FAIR-BioRS Guidelines v2.0.0

1. Prepare prior to the development of the software

1.1. Select a version control system platform to work from (GitHub, Bitbucket, or GitLab are suggested) and create a repository there for your software.

1.2. Select a license and include the license terms in a file called “LICENSE” using plain text or markdown syntax. Locate it in the root directory of the software. While the FAIR4RS principles do not require research software to be open-source, it is highly recommended to use a license approved by the Open Source Initiative (OSI). Amongst those licenses, it is encouraged to use the permissive MIT or Apache 2.0 licenses. Use choosealicense.com and/or the SPDX License List for help. During development, ensure that the software’s license is compatible with the software’s dependencies.

2. Follow coding standards and best practices during development

2.1. Have code-level documentation (e.g., in code comments, description in the file headers) when deemed necessary for code reuse.

2.2. Record dependencies as per standard practices for the coding language, e.g. in a requirements.txt file for Python code, in a package.json file for Node projects, or in a DESCRIPTION file for R packages.

2.3. Follow language-specific standards and best practices (e.g. PEP 8 Style Guide for Python Code, Google’s R Style Guide for R code, etc.) and document them (c.f. 3.2).

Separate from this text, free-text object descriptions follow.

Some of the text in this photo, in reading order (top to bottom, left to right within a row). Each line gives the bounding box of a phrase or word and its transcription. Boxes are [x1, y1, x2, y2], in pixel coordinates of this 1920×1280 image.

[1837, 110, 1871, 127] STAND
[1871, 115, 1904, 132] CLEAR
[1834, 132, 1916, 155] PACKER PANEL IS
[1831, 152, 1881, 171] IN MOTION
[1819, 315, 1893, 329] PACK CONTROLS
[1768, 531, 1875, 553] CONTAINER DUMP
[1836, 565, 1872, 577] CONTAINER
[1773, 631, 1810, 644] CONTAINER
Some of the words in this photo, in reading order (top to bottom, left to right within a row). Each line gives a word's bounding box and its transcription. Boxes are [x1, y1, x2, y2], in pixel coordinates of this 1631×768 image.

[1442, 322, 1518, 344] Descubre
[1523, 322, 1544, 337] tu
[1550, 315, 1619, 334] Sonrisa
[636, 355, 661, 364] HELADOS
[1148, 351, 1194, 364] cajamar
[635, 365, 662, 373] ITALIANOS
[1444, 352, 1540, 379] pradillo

2.4. Ensure that inputs/outputs of the software follow any applicable community standards (e.g., General Feature Format (GFF) for genomic annotation files). Use fairsharing.org for finding relevant standards.

3. Document software

3.1. Maintain the documentation in a file called "README" using plain text or markdown syntax. Locate it in the root directory of the software. Mature/complex software may require additional, more sophisticated documentation that can be developed e.g. using tools such as GitHub pages or Read the Docs. The following aspects must be documented as applicable

  • Overall description of the software (e.g., in an “About” section)
  • High-level dependencies of the software (e.g., Node or Python version)
  • Inputs and outputs of the software, parameters and data required to run the software
  • The standards followed
  • How to contribute to the software
  • How to cite the software

In addition, follow any community-agreed standard documentation approach when available (e.g., the Common Workflow Language (CWL) for describing command line tools).

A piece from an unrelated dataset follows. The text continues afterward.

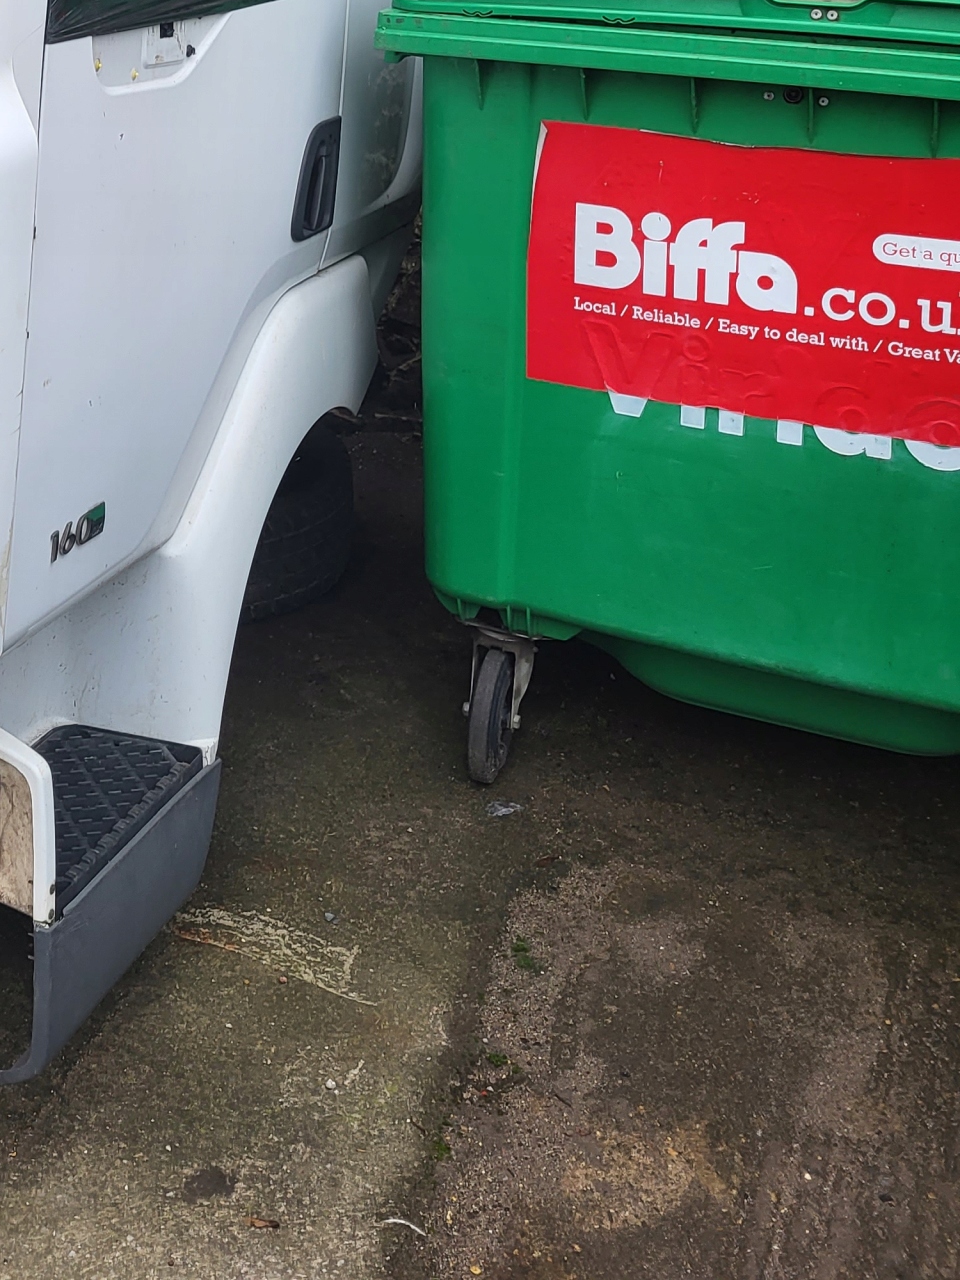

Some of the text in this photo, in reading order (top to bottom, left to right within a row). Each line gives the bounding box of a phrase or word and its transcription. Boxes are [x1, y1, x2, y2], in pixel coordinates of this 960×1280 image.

3.2. Document changes between different versions of the software in a file called “CHANGELOG” using plain text or markdown syntax. Locate it in the root directory of the software. We suggest following the “Keep a changelog” conventions for the content of the CHANGELOG file and the Semantic Versioning v2.0.0 for version numbers.

4. Include metadata files

4.1. Include a codemeta.json metadata file in the root directory of the software. The CodeMeta generator can be used. Provide, at least, the following fields:

  • “name”
  • “description”
  • "identifier"
  • “keywords”
  • “programmingLanguage”
  • “dataPublished”
  • “dateModified”
  • “license”
  • “givenName”, “familyName” and “affiliation” for each author.

When applicable, also provide the following fields: “isPartOf”, “hasPart”, and “relatedLink“. See the CodeMeta documentation for a definition of the fields.

4.2. Include a CITATION.cff metadata file in the root directory of the software. The CFF file initializer can be used. Provide, at least, the following fields:

  • “abstract”
  • "identifiers"
  • “keywords”
  • “license”
  • “date-released”
  • "given-names", “family-names" and “affiliation” for each author.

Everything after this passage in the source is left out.